- [Required work]:
Word for word, restate each of the records below.

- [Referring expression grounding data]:
····················
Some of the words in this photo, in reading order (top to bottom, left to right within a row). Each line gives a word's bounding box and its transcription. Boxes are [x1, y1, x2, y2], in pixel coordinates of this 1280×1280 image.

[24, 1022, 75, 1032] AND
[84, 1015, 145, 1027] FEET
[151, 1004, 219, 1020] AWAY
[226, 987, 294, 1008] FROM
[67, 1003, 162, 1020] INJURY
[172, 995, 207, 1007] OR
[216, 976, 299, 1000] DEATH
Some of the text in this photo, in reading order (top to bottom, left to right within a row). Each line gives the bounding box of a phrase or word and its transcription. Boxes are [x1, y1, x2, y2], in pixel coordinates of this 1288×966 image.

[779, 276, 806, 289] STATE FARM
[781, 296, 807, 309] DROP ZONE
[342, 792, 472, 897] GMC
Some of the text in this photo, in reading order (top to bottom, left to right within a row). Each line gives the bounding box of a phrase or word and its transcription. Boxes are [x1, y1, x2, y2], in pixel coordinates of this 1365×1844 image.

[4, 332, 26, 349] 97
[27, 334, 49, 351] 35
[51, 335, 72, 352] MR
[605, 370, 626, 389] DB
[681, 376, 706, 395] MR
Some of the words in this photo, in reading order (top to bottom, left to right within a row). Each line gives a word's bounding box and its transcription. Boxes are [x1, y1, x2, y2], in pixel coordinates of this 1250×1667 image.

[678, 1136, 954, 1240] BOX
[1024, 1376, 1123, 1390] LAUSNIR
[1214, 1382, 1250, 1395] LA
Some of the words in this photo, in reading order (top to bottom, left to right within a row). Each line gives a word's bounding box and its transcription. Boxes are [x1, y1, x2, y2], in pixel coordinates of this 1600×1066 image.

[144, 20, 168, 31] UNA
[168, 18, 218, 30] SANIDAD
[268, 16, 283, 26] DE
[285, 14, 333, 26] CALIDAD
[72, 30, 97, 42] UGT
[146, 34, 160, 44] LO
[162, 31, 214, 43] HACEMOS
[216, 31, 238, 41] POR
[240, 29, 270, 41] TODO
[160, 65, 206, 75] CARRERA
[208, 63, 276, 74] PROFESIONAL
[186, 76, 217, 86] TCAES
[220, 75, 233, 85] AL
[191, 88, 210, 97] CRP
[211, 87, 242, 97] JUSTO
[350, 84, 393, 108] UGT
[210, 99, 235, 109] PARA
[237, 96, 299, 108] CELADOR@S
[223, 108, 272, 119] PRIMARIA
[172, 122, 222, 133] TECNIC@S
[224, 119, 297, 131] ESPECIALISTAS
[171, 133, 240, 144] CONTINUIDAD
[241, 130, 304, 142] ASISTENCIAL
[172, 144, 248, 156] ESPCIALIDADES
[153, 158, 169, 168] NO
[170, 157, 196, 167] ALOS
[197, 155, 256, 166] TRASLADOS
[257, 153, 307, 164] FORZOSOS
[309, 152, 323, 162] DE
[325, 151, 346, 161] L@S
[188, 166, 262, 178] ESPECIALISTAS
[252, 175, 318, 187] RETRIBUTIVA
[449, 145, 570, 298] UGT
····················
- [Answer to this exercise]:
Some of the words in this photo, in reading order (top to bottom, left to right within a row). Each line gives a word's bounding box and its transcription. Boxes are [x1, y1, x2, y2], in pixel coordinates of this 1280×1280 image.

[24, 1022, 75, 1032] AND
[84, 1015, 145, 1027] FEET
[151, 1004, 219, 1020] AWAY
[226, 987, 294, 1008] FROM
[67, 1003, 162, 1020] INJURY
[172, 995, 207, 1007] OR
[216, 976, 299, 1000] DEATH
Some of the text in this photo, in reading order (top to bottom, left to right within a row). Each line gives the bounding box of a phrase or word and its transcription. Boxes are [x1, y1, x2, y2], in pixel coordinates of this 1288×966 image.

[779, 276, 806, 289] STATE FARM
[781, 296, 807, 309] DROP ZONE
[342, 792, 472, 897] GMC
Some of the text in this photo, in reading order (top to bottom, left to right within a row). Each line gives the bounding box of a phrase or word and its transcription. Boxes are [x1, y1, x2, y2], in pixel coordinates of this 1365×1844 image.

[4, 332, 26, 349] 97
[27, 334, 49, 351] 35
[51, 335, 72, 352] MR
[605, 370, 626, 389] DB
[681, 376, 706, 395] MR
Some of the words in this photo, in reading order (top to bottom, left to right within a row). Each line gives a word's bounding box and its transcription. Boxes are [x1, y1, x2, y2], in pixel coordinates of this 1250×1667 image.

[678, 1136, 954, 1240] BOX
[1024, 1376, 1123, 1390] LAUSNIR
[1214, 1382, 1250, 1395] LA
Some of the words in this photo, in reading order (top to bottom, left to right within a row). Each line gives a word's bounding box and its transcription. Boxes are [x1, y1, x2, y2], in pixel coordinates of this 1600×1066 image.

[144, 20, 168, 31] UNA
[168, 18, 218, 30] SANIDAD
[268, 16, 283, 26] DE
[285, 14, 333, 26] CALIDAD
[72, 30, 97, 42] UGT
[146, 34, 160, 44] LO
[162, 31, 214, 43] HACEMOS
[216, 31, 238, 41] POR
[240, 29, 270, 41] TODO
[160, 65, 206, 75] CARRERA
[208, 63, 276, 74] PROFESIONAL
[186, 76, 217, 86] TCAES
[220, 75, 233, 85] AL
[191, 88, 210, 97] CRP
[211, 87, 242, 97] JUSTO
[350, 84, 393, 108] UGT
[210, 99, 235, 109] PARA
[237, 96, 299, 108] CELADOR@S
[223, 108, 272, 119] PRIMARIA
[172, 122, 222, 133] TECNIC@S
[224, 119, 297, 131] ESPECIALISTAS
[171, 133, 240, 144] CONTINUIDAD
[241, 130, 304, 142] ASISTENCIAL
[172, 144, 248, 156] ESPCIALIDADES
[153, 158, 169, 168] NO
[170, 157, 196, 167] ALOS
[197, 155, 256, 166] TRASLADOS
[257, 153, 307, 164] FORZOSOS
[309, 152, 323, 162] DE
[325, 151, 346, 161] L@S
[188, 166, 262, 178] ESPECIALISTAS
[252, 175, 318, 187] RETRIBUTIVA
[449, 145, 570, 298] UGT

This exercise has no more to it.